**TASK MATERIAL:**
+---+

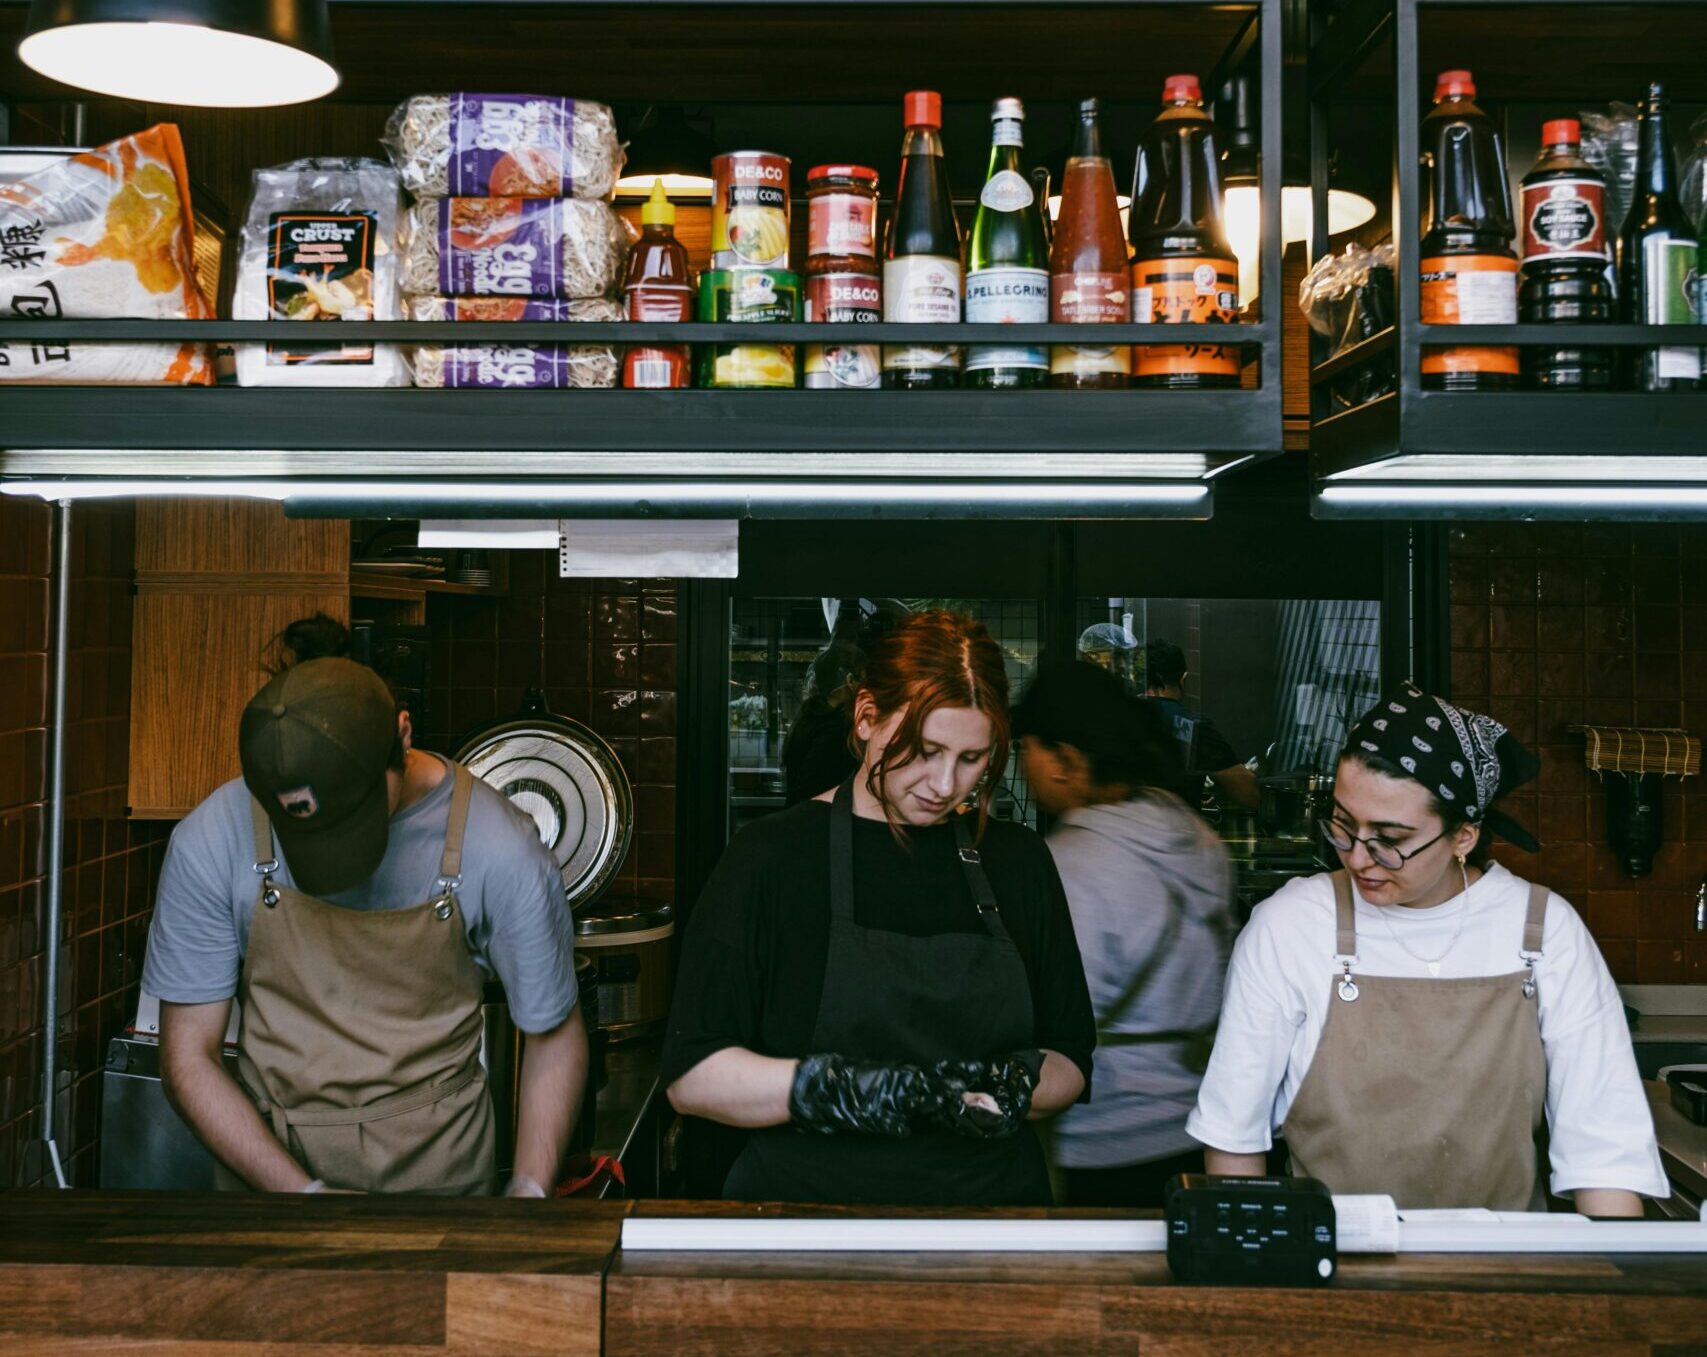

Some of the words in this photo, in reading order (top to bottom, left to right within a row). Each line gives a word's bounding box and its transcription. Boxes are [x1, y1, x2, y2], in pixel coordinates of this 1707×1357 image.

[475, 101, 525, 151] Egg
[734, 166, 783, 180] DE&CO
[734, 189, 758, 200] BABY
[759, 190, 784, 202] CORN
[1559, 213, 1587, 223] SAUCE
[290, 228, 356, 242] CRUST
[472, 248, 493, 294] Noodle
[484, 244, 538, 294] Egg
[831, 287, 879, 302] DE&CO
[829, 310, 855, 322] BABY
[856, 311, 879, 322] CORN
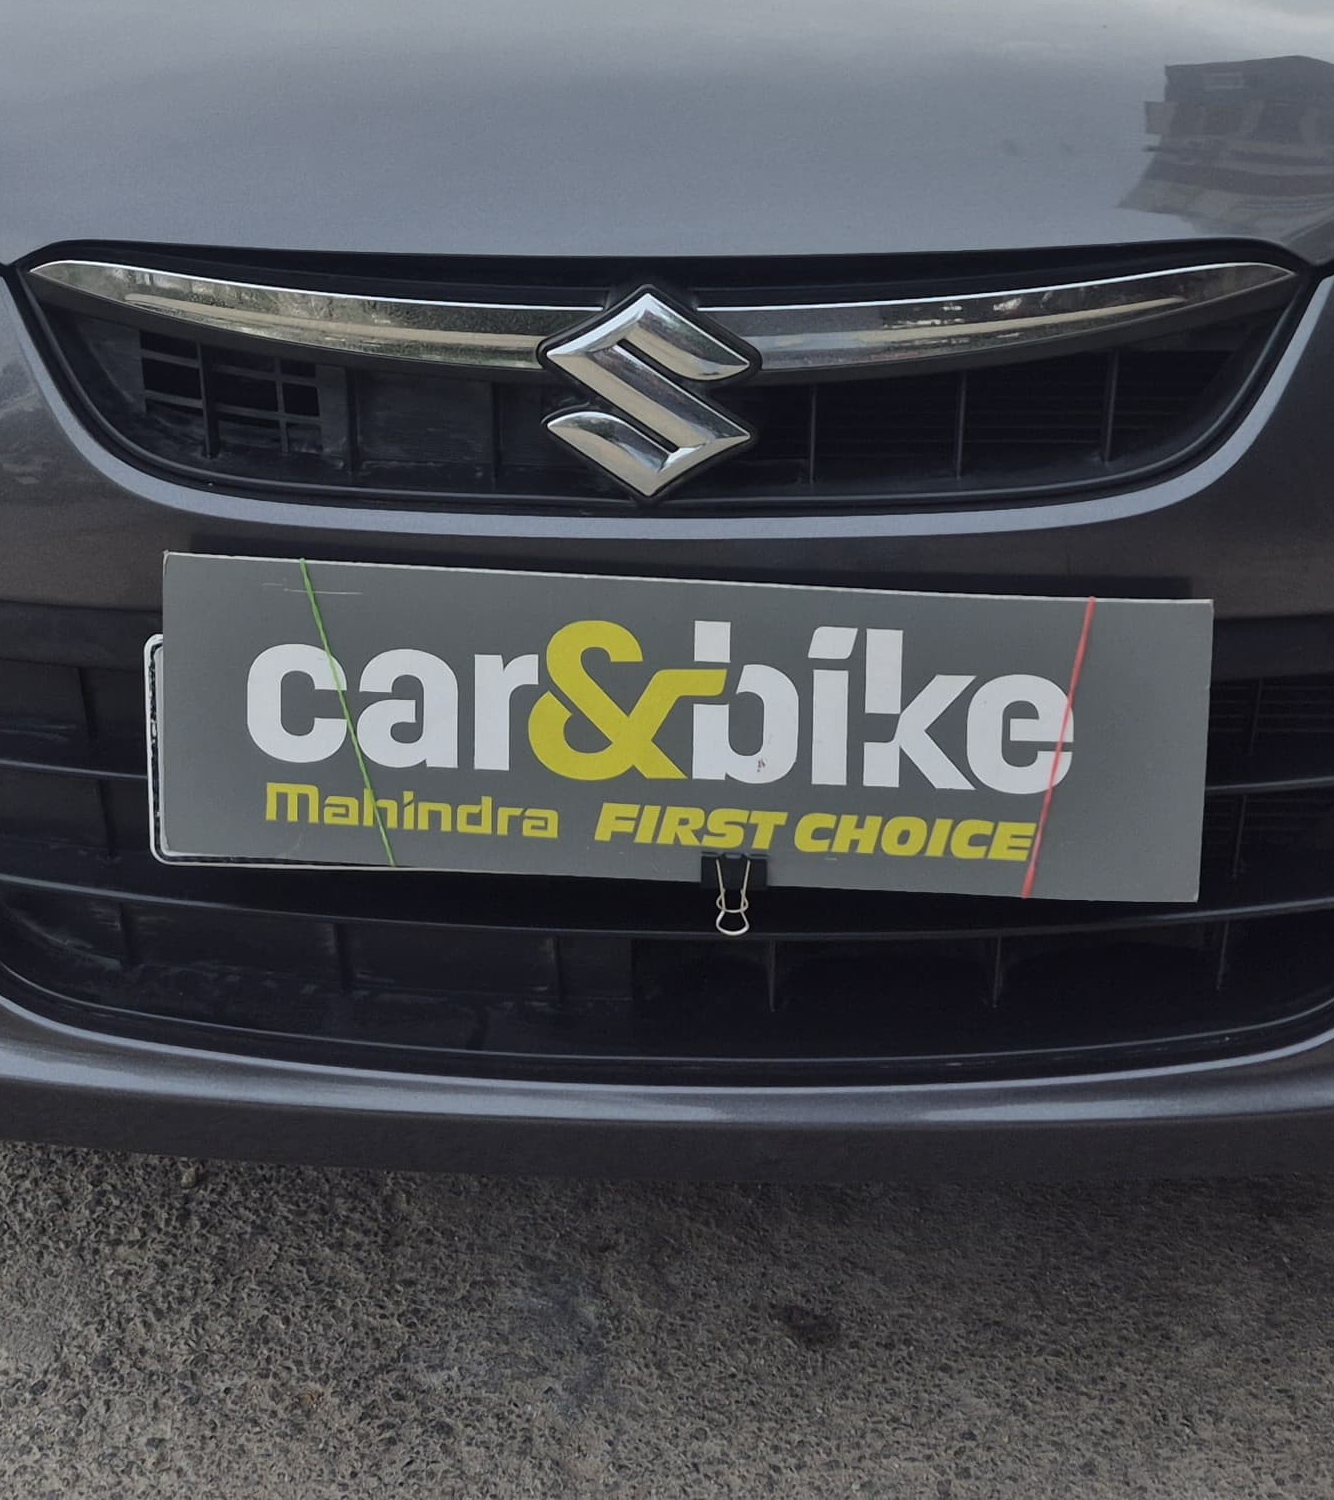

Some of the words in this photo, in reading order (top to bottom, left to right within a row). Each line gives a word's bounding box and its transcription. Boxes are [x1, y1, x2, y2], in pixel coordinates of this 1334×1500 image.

[246, 619, 1074, 796] car&bike
[265, 782, 560, 840] Mahindra
[594, 803, 789, 851] FIRST
[793, 813, 1039, 862] CHOICE

+---+

**BRIEF:** Set down the material above word for word and skip its pictures.

**OUTPUT OF THE TASK:**
Some of the words in this photo, in reading order (top to bottom, left to right within a row). Each line gives a word's bounding box and its transcription. Boxes are [x1, y1, x2, y2], in pixel coordinates of this 1707×1357 image.

[475, 101, 525, 151] Egg
[734, 166, 783, 180] DE&CO
[734, 189, 758, 200] BABY
[759, 190, 784, 202] CORN
[1559, 213, 1587, 223] SAUCE
[290, 228, 356, 242] CRUST
[472, 248, 493, 294] Noodle
[484, 244, 538, 294] Egg
[831, 287, 879, 302] DE&CO
[829, 310, 855, 322] BABY
[856, 311, 879, 322] CORN

Some of the words in this photo, in reading order (top to bottom, left to right within a row). Each line gives a word's bounding box and its transcription. Boxes are [x1, y1, x2, y2], in pixel coordinates of this 1334×1500 image.

[246, 619, 1074, 796] car&bike
[265, 782, 560, 840] Mahindra
[594, 803, 789, 851] FIRST
[793, 813, 1039, 862] CHOICE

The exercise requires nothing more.